ProPILE: Probing Privacy Leakage in Large Language Models
This addresses privacy concerns for data subjects and LLM service providers, representing an incremental step in privacy awareness tools.
The paper tackles the problem of personally identifiable information (PII) leakage in large language models (LLMs) by introducing ProPILE, a probing tool that allows data subjects to assess privacy intrusion, demonstrating its application on the OPT-1.3B model trained on the Pile dataset.

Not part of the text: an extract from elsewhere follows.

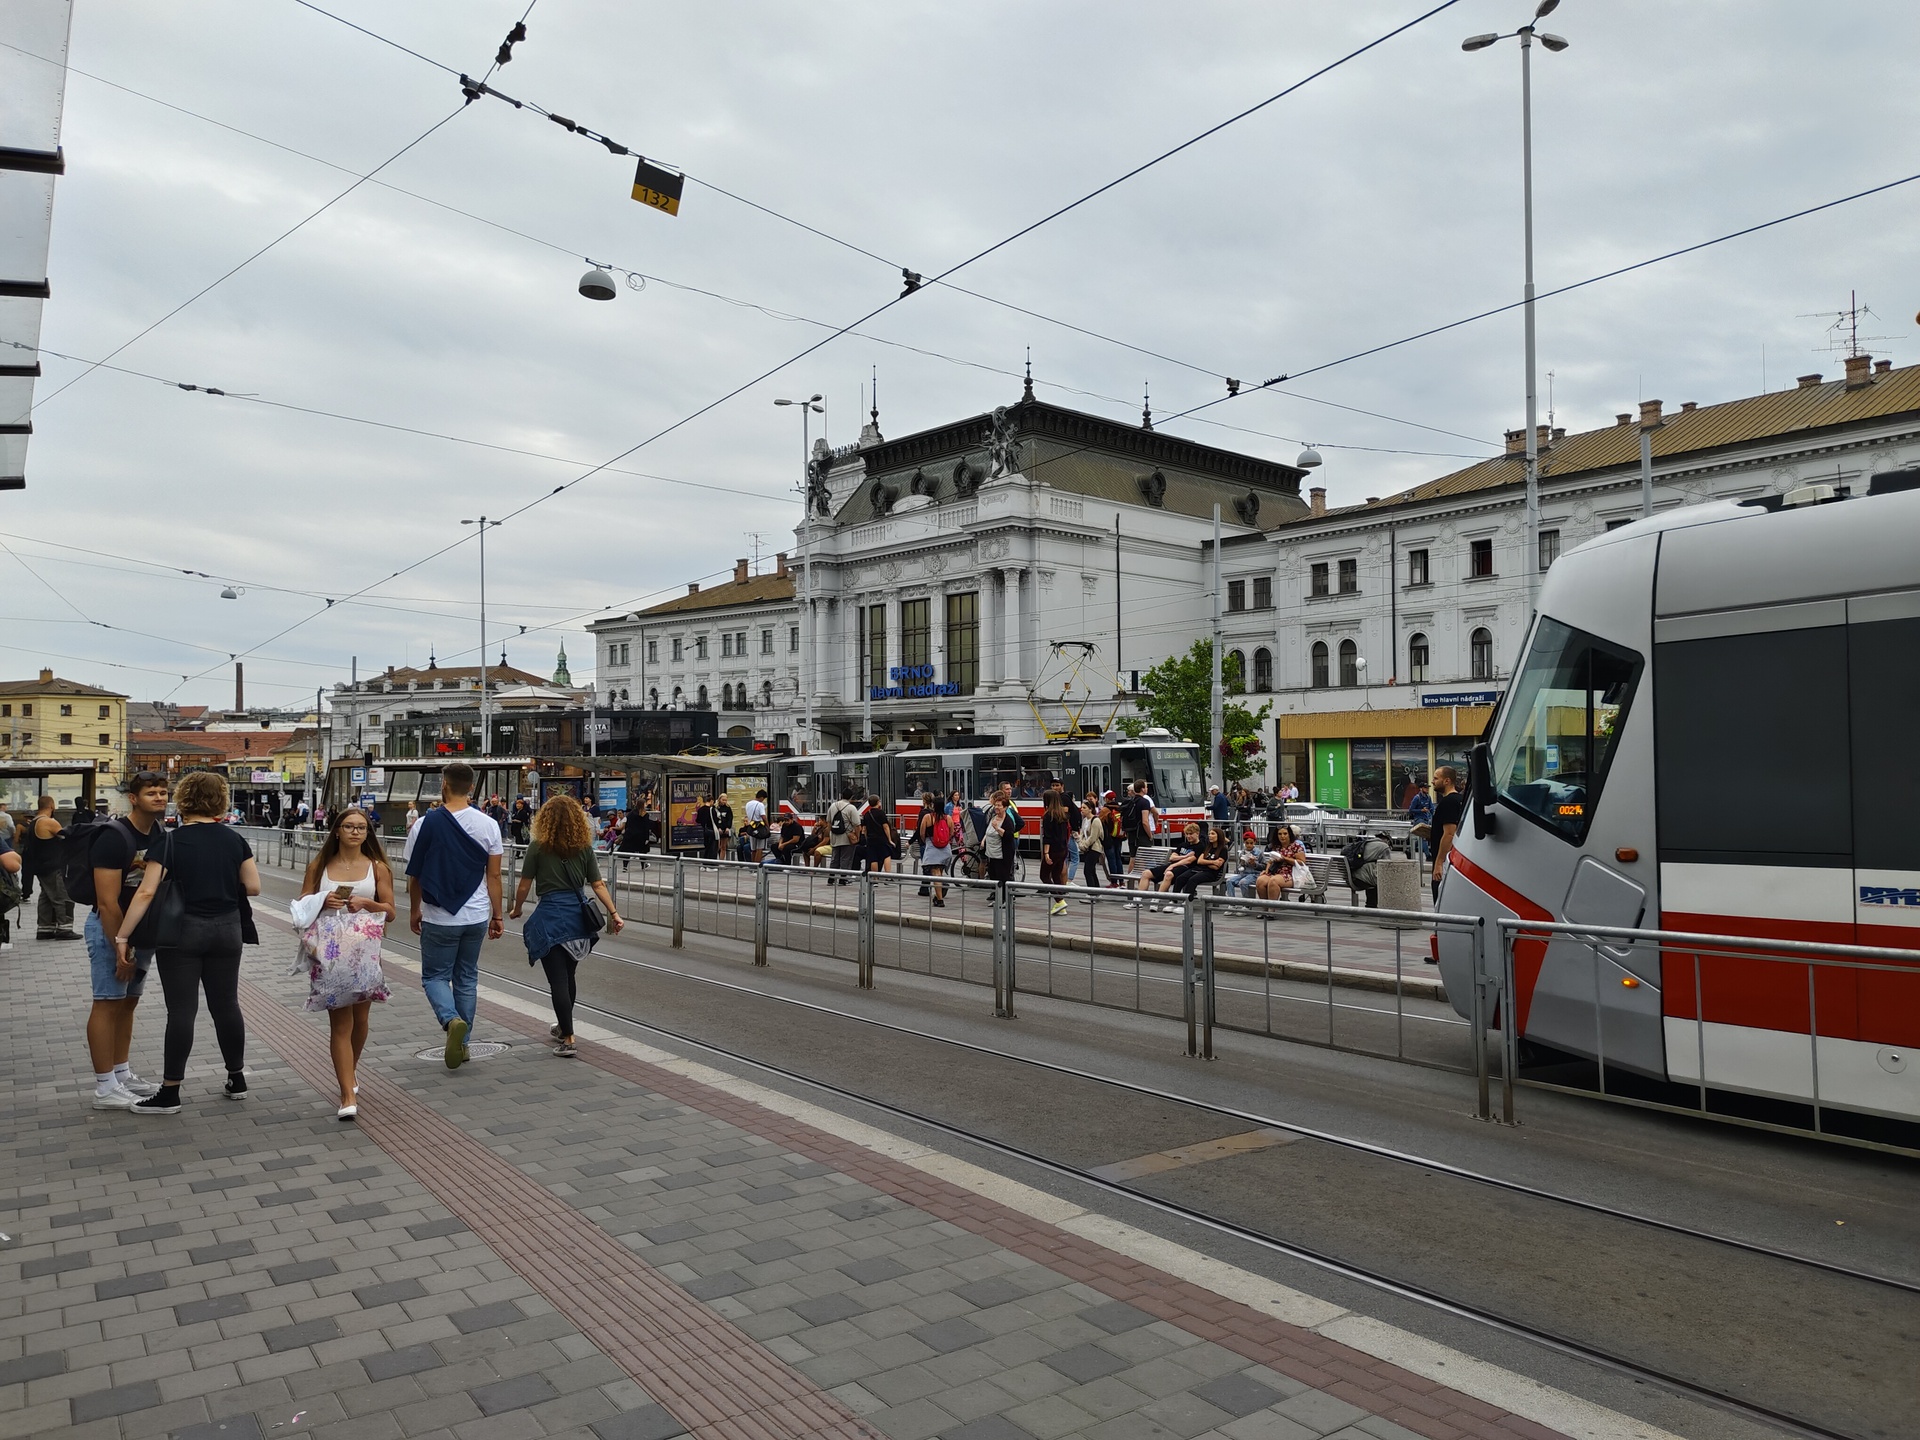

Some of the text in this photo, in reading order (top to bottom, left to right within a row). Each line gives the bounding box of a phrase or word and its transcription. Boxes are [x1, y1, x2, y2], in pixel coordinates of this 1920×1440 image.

The rapid advancement and widespread use of large language models (LLMs) have raised significant concerns regarding the potential leakage of personally identifiable information (PII). These models are often trained on vast quantities of web-collected data, which may inadvertently include sensitive personal data. This paper presents ProPILE, a novel probing tool designed to empower data subjects, or the owners of the PII, with awareness of potential PII leakage in LLM-based services. ProPILE lets data subjects formulate prompts based on their own PII to evaluate the level of privacy intrusion in LLMs. We demonstrate its application on the OPT-1.3B model trained on the publicly available Pile dataset. We show how hypothetical data subjects may assess the likelihood of their PII being included in the Pile dataset being revealed. ProPILE can also be leveraged by LLM service providers to effectively evaluate their own levels of PII leakage with more powerful prompts specifically tuned for their in-house models. This tool represents a pioneering step towards empowering the data subjects for their awareness and control over their own data on the web.